Akintade argued that prohibiting AI tools outright is not the service, particularly when AI provides an opportunity to leapfrog conventional educational methods.


- She thinks that regularly enhancing crucial info assists individuals remember and prevent making errors when faced with obstacles.


"Immersion brings conversion. When you inform people the exact same thing over and over again, when they will make the mistakes, then they'll remember."


She also empasized the need for clear policies and procedures within schools, noting that many schools need to attend to the individuals and process elements of this use.


- Prof. Nwaogwugwu has actually resorted to in-class assignments and tests to counter AI-driven academic dishonesty.


"Now, I mainly use assignments to ensure students provide original work." However, he acknowledged that handling big classes makes this approach challenging.


"If you set intricate concerns, trainees will not be able to use AI to get direct responses," he discussed.


He stressed the need for universities to train speakers on crafting test questions that AI can not easily resolve while acknowledging that some speakers battle to counter AI abuse due to an absence of technological awareness. "Some lecturers are analogue," he stated.


- Nigeria released a draft National AI Strategy in August 2024, focusing on ethical AI development with fairness, openness, responsibility, and personal privacy at its core.

- UNESCO in a report requires the regulation of AI in education, recommending organizations to audit algorithms, data, and outputs of generative AI tools to ensure they fulfill ethical standards, protect user information, and filter improper material.

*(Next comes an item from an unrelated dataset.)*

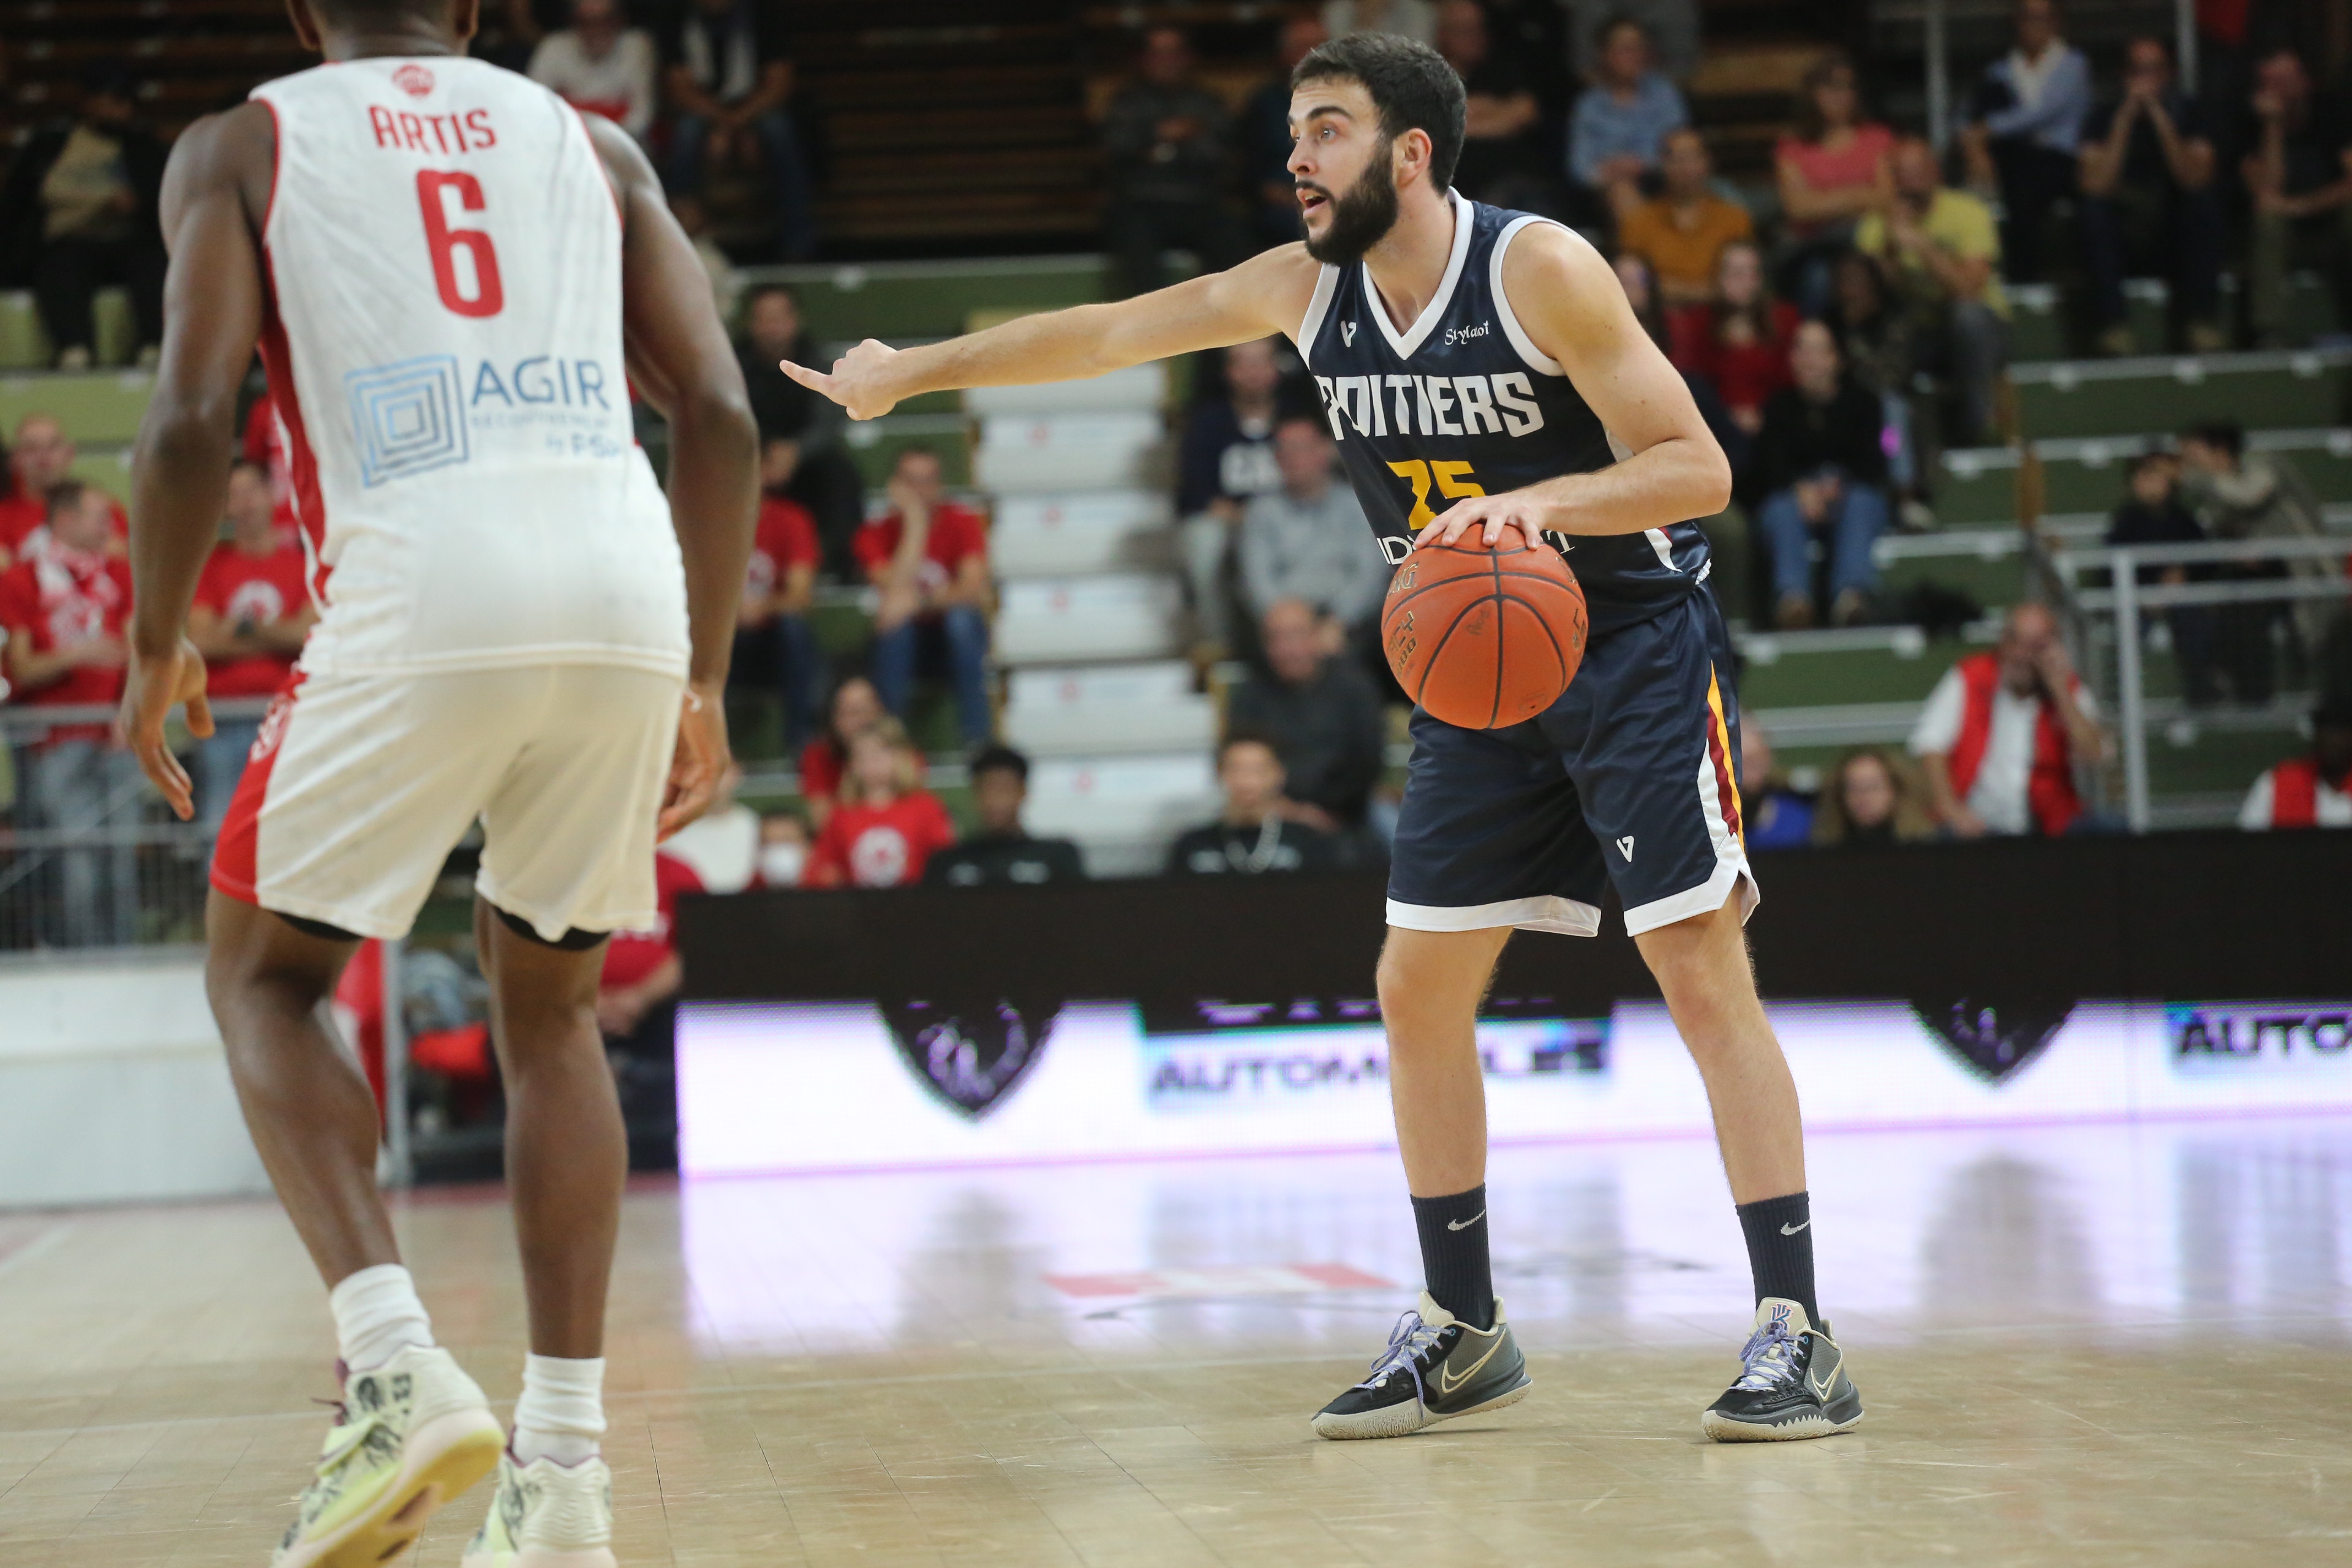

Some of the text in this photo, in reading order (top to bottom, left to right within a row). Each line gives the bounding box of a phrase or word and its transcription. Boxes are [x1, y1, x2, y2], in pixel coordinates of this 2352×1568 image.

[369, 105, 497, 156] ARTIS
[415, 167, 505, 318] 6
[470, 355, 611, 411] AGIR
[2179, 1016, 2352, 1056] AUTO

- It worries the need to evaluate the long-lasting effect of AI on important abilities like thinking and creativity while creating policies that line up with ethical structures. Additionally, UNESCO advises carrying out age constraints for akropolistravel.com GenAI usage to secure younger trainees and safeguard susceptible groups.
- For federal governments, it recommended adopting a collaborated nationwide method to regulating GenAI, consisting of establishing oversight bodies and lining up guidelines with existing information defense and personal privacy laws. It highlights examining AI dangers, implementing more stringent guidelines for high-risk applications, and guaranteeing national information ownership.